Independentemente dos detalhes de linguagem ou da espuma dos dias, a disputa cívica, social e política por um ideal de moral social é hoje tão legítima quanto fundamental no amadurecimento das democracias ocidentais. Daí que a omissão ou fuga a esse confronto são próprias dos inimigos da democracia, da sua vitalidade e capacidade de autorrenovação.

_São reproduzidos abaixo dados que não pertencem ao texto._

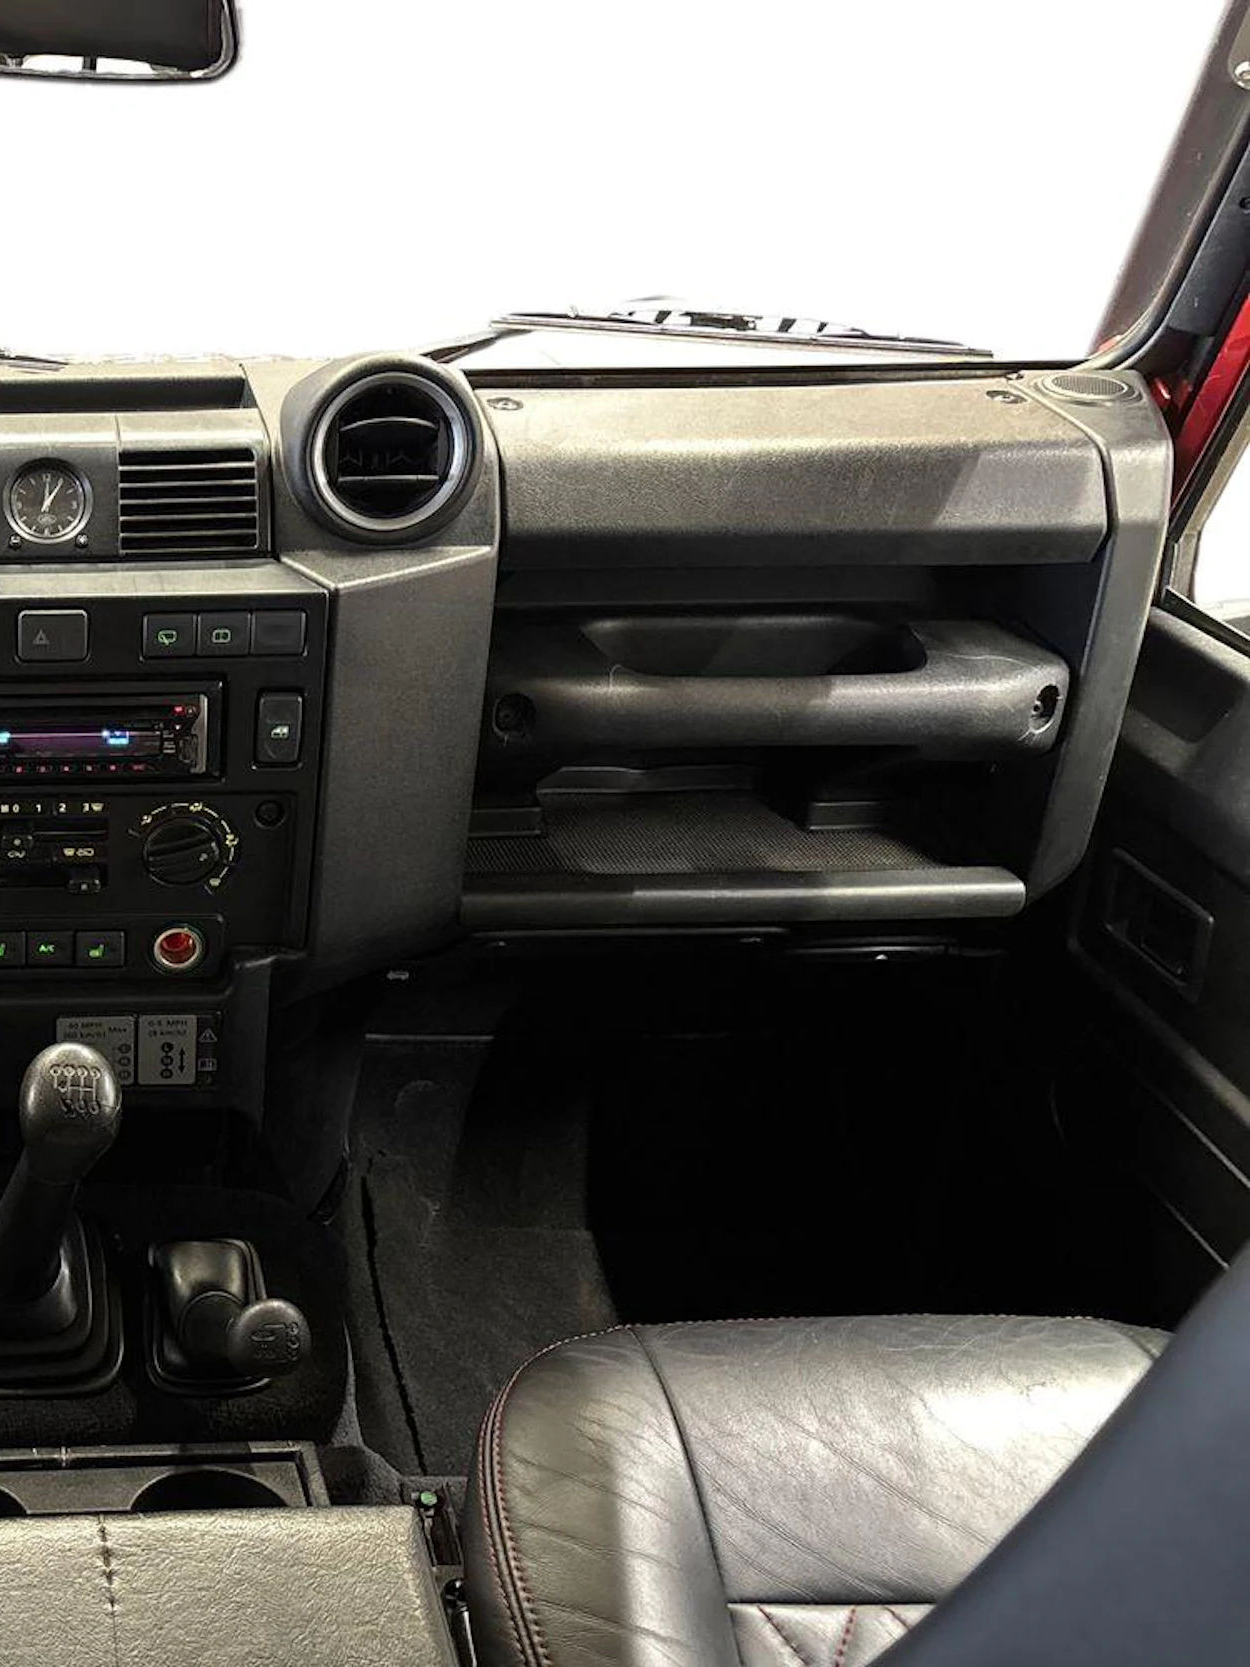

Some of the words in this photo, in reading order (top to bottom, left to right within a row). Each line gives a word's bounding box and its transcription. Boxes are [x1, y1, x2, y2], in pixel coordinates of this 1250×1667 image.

Se ciganos, negros, islâmicos e Chega são minorias, aquilo que essas
minorias foram, são e serão depende da vontade dos próprios, mas acima de tudo
do contexto social em que se inserem. No âmago deste está a crítica
social livre.
A última é a transformação em senso comum das mais variadas formas de
pensamento crítico geradas pela tradição civilizacional do Ocidente ao longo de
mais de dois milénios (religiosas, filosóficas, políticas, sociais,
humorísticas, institucionais). É justamente a crítica social livre que
determina a capacidade das sociedades do mundo ocidental em gerarem fenómenos
de coesão, integração, promoção, pacificação e renovação social.
Nas décadas recentes, essa tradição entrou num ciclo de regressão. A
crítica social manteve-se livre quando tem como alvos uns (os pertencentes à
maioria identitária) e passou a interditada quando os alvos são outros (os
pertencentes às minorias identitárias). Tal perversão da crítica social coloca
a minoria Chega num extremo e, no extremo oposto, as minorias cigana, negra e
islâmica.
Crítica social impiedosa ao Chega: a sociedade cumpre o seu dever
Em Portugal, é raríssimo um movimento social minoritário nascer,
sobreviver e prosseguir debaixo de uma tempestade crítica impiedosa, inevitavelmente
carregada de estereótipos negativos, como tem acontecido com o Chega desde
2019, o ano da sua fundação. A chegofobia está para durar.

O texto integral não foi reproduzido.